Charles Mingus was a jazz innovator and one of the most respected double bass players of his time. He was a musician, composer, arranger, bandleader and teacher, but he also used his music to comment on civil rights, racial discrimination and other issues.
Born April 22, 1922, in Nogales, Ariz., Mingus was drawn to jazz after growing up with church music and hearing the recordings of Duke Ellington. He began playing jazz professionally in California while still in his teens, eventually performing with Ellington, Louis Armstrong, Dinah Washington, Charlie Parker, Miles Davis and many others.
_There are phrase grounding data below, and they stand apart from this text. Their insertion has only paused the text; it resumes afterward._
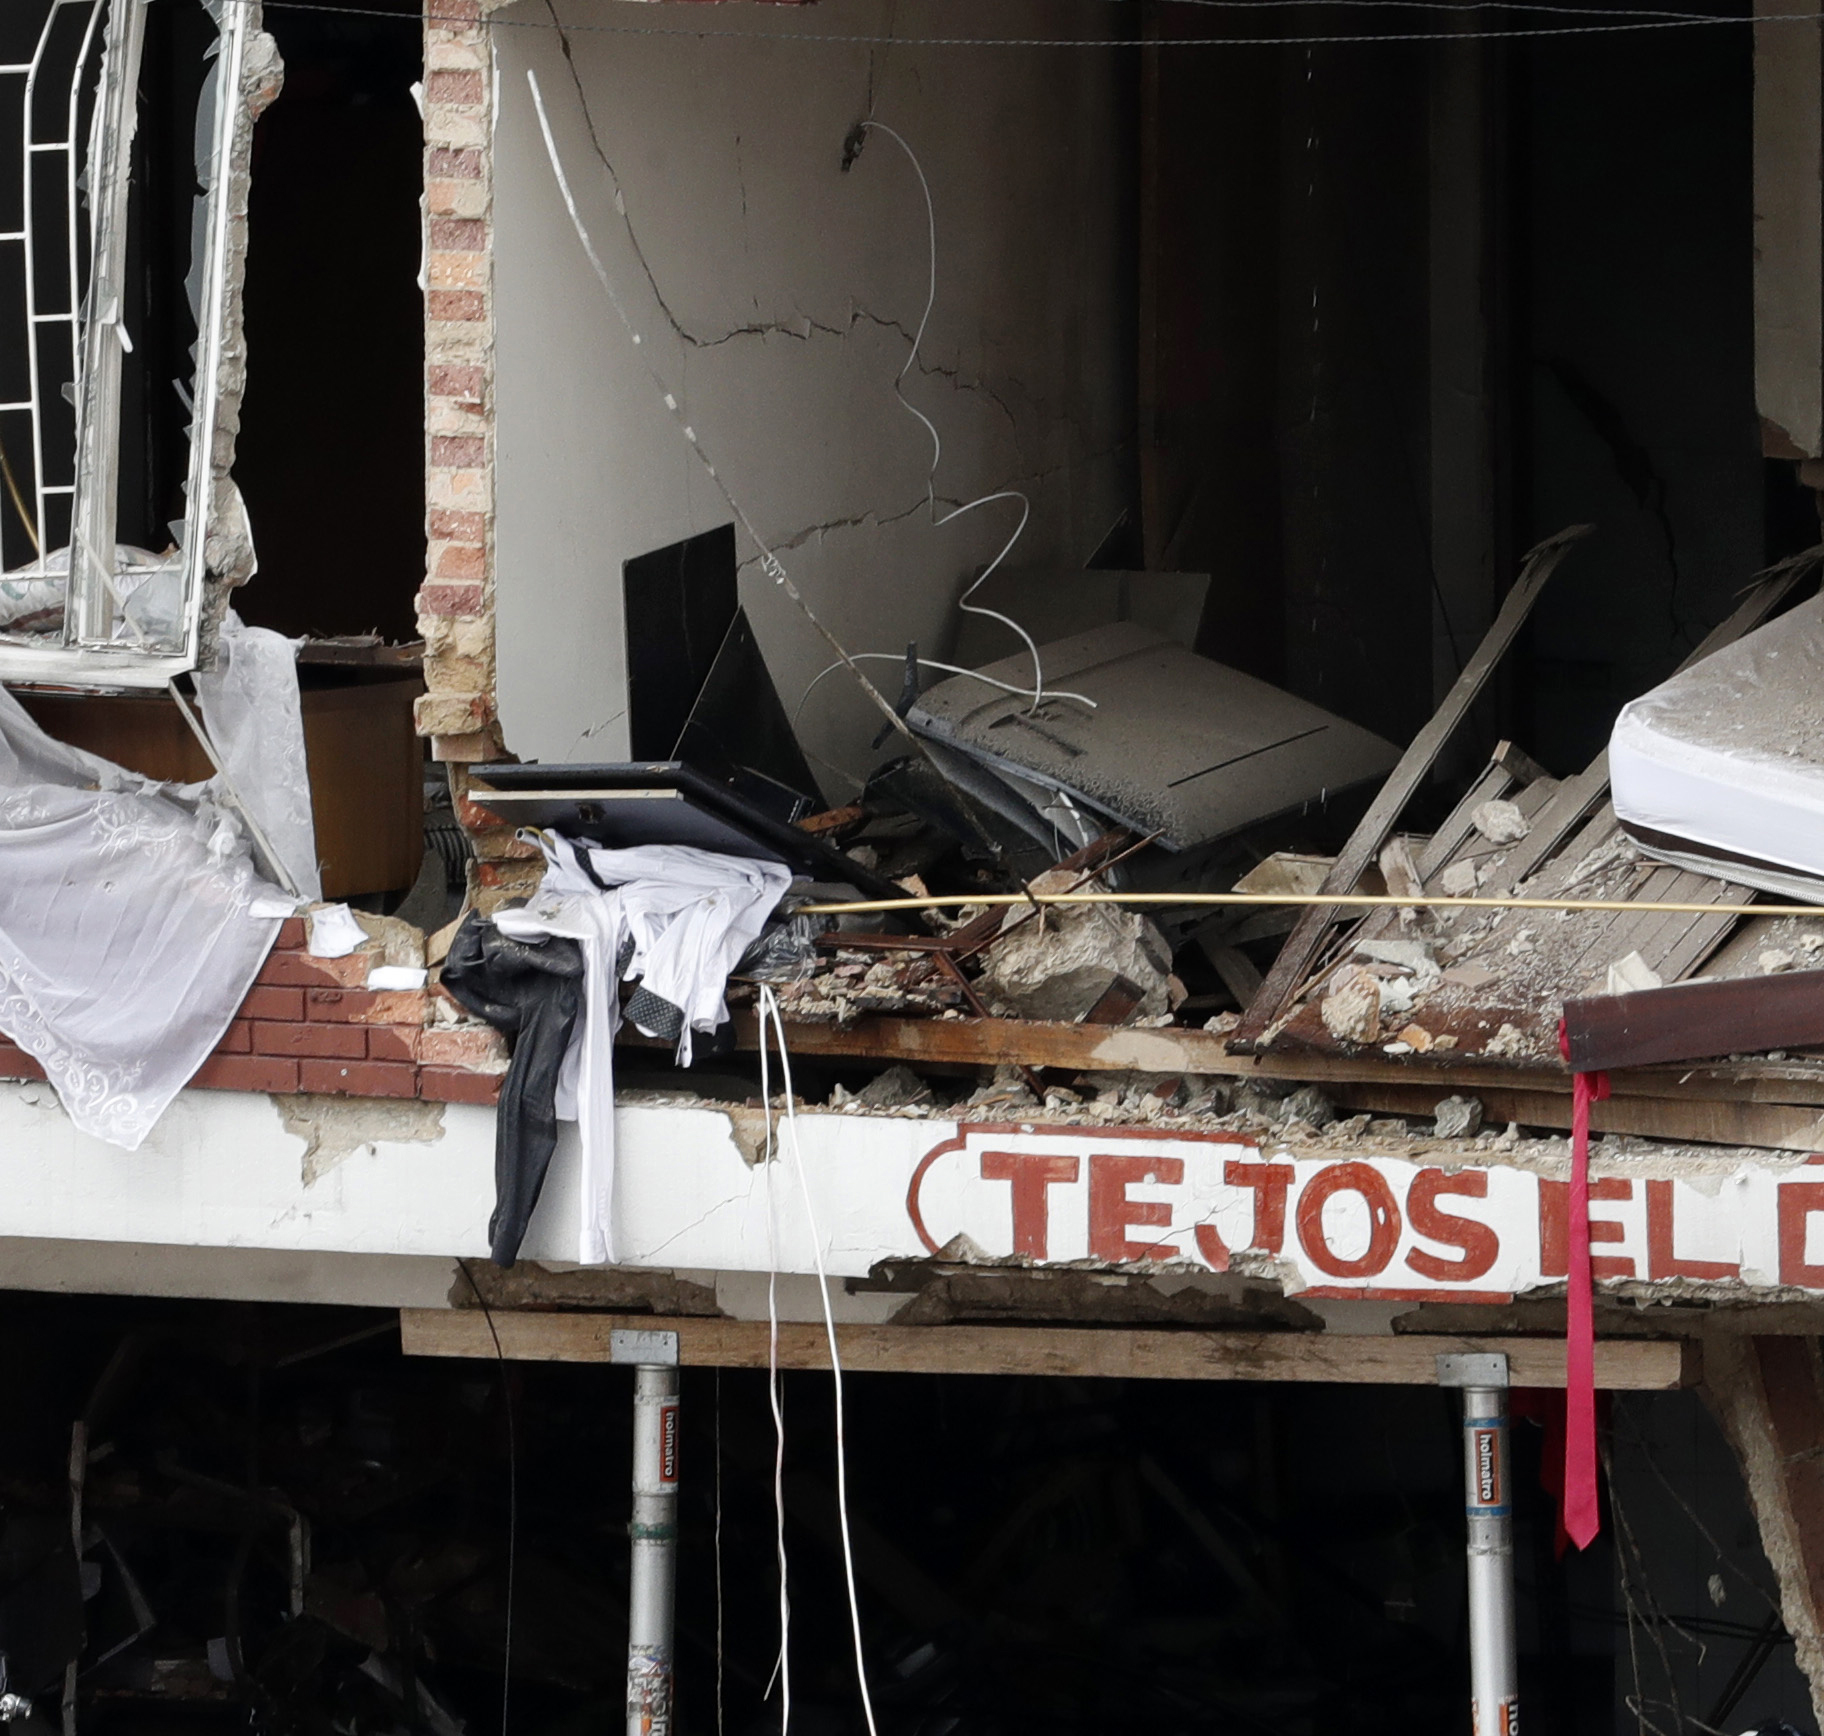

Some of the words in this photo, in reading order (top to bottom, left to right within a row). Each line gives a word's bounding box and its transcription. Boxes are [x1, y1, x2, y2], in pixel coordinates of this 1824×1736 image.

[980, 1150, 1501, 1283] TEJOS
[1539, 1176, 1740, 1280] EL
[665, 1411, 675, 1476] holmatro
[1480, 1434, 1493, 1500] holmatro
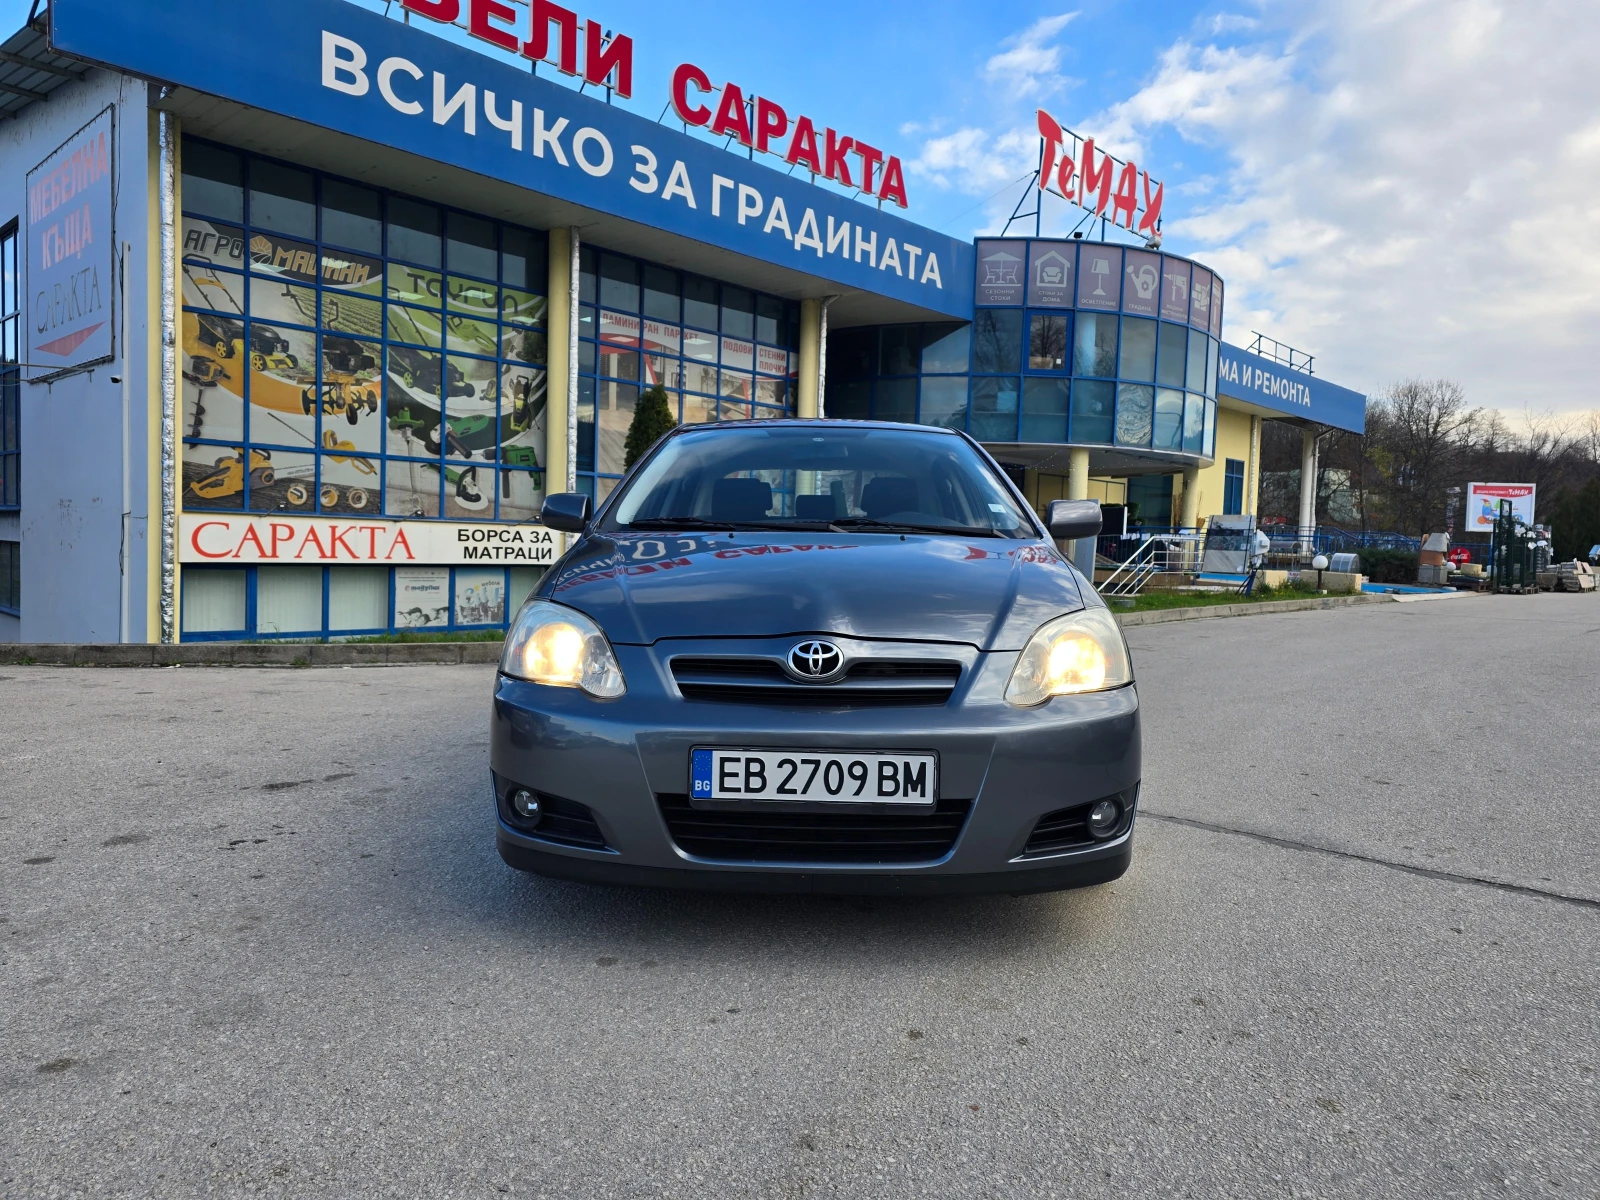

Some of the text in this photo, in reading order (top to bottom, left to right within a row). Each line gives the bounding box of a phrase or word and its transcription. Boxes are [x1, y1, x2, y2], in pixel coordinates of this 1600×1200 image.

[399, 0, 908, 209] ЕЛИ САРАКТА
[321, 30, 943, 289] ВСИЧКО ЗА ГРАДИНАТА
[30, 131, 108, 225] МЕБЕЛНА
[41, 202, 93, 270] КЪЩА
[184, 229, 245, 260] АГРО
[36, 264, 102, 334] САРАКТА
[1081, 298, 1117, 307] ОСВЕТЛЕНИЕ
[1128, 303, 1152, 312] ГРАДИНА
[602, 313, 699, 341] ЛАМИНИРАН ПАРКЕТ
[723, 340, 786, 361] ПОДОВИ СТЕННИ
[759, 361, 787, 374] ПЛОЧКИ
[1219, 356, 1311, 407] МА И РЕМОНТА
[191, 521, 415, 560] САРАКТА
[457, 529, 553, 544] БОРСА ЗА
[463, 546, 553, 562] МАТРАЦИ
[694, 779, 711, 791] BG
[718, 757, 926, 798] EB 2709 BM
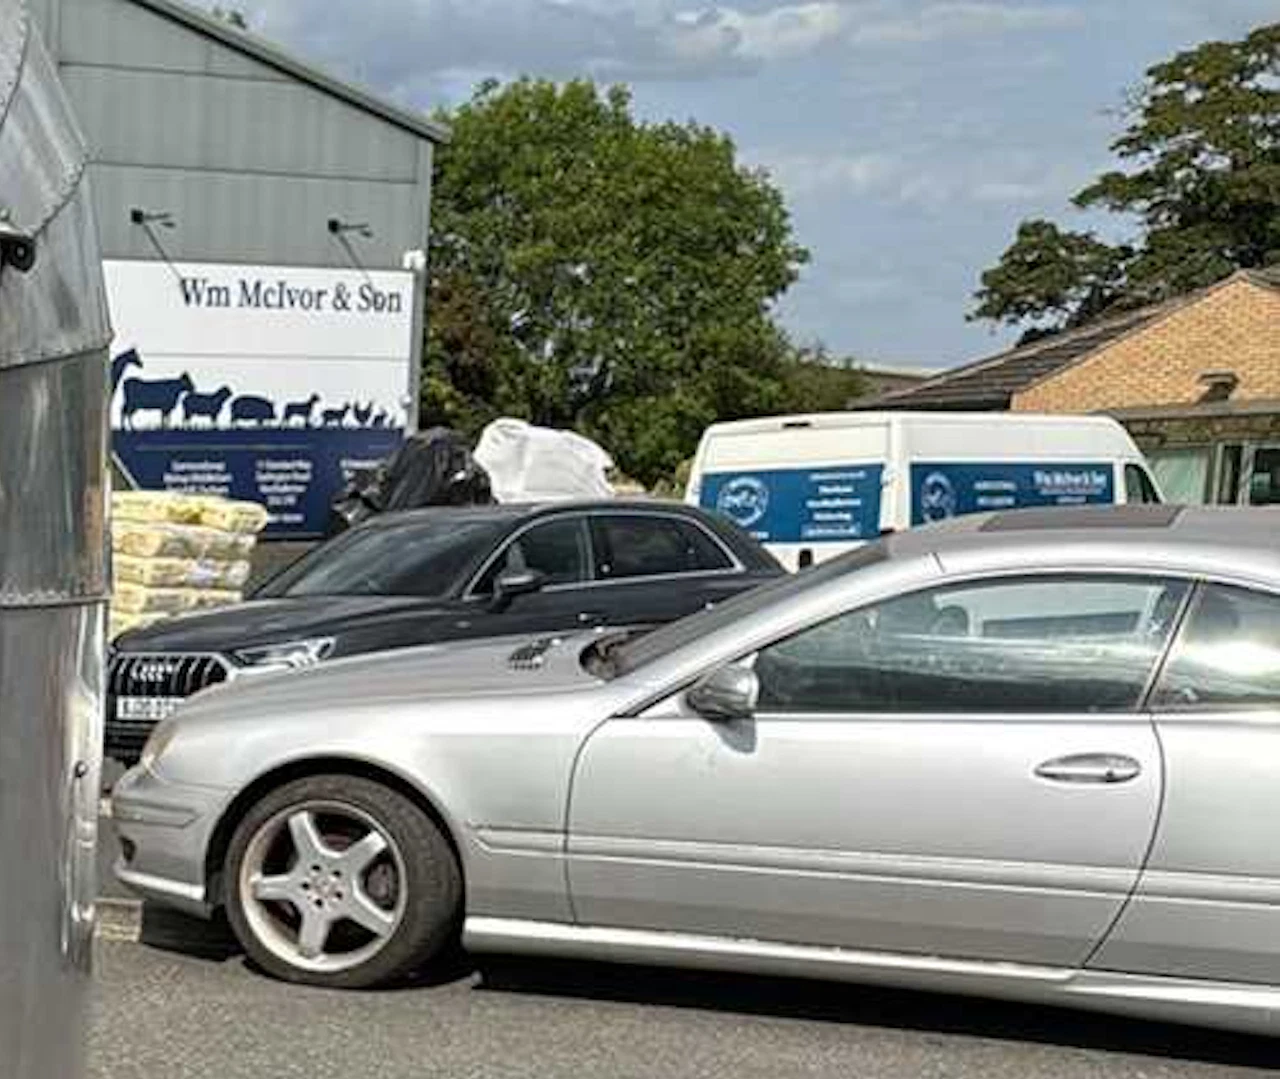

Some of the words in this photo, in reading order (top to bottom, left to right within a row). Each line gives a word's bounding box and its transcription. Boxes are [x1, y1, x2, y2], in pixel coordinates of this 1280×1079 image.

[181, 278, 231, 307] Wm
[238, 279, 328, 310] McIvor
[332, 281, 351, 311] &
[357, 283, 402, 312] Son
He led his own bands beginning in the 1940s and founded a jazz workshop in the 1950s. All the while he was touring and recording, and composing more than 300 works, such as Pithecanthropus Erectus, Goodbye Pork Pie Hat and Tonight at Noon.
In the 1970s, Mingus was diagnosed with amyotrophic lateral sclerosis. In 1978, singer Joni Mitchell wrote lyrics for some of Mingus' last compositions, including A Chair in the Sky, which were recorded on her own album, Mingus.
Mingus died at age 56 in 1979. In 1993, the Library of Congress obtained a collection of original manuscripts, scores, recordings and other material related to Charles Mingus.
A 32¢ stamp honoring Mingus (Scott 2989) was issued Sept. 16, 1995, as part of the Jazz Musicians set in the Legends of American Music commemorative series.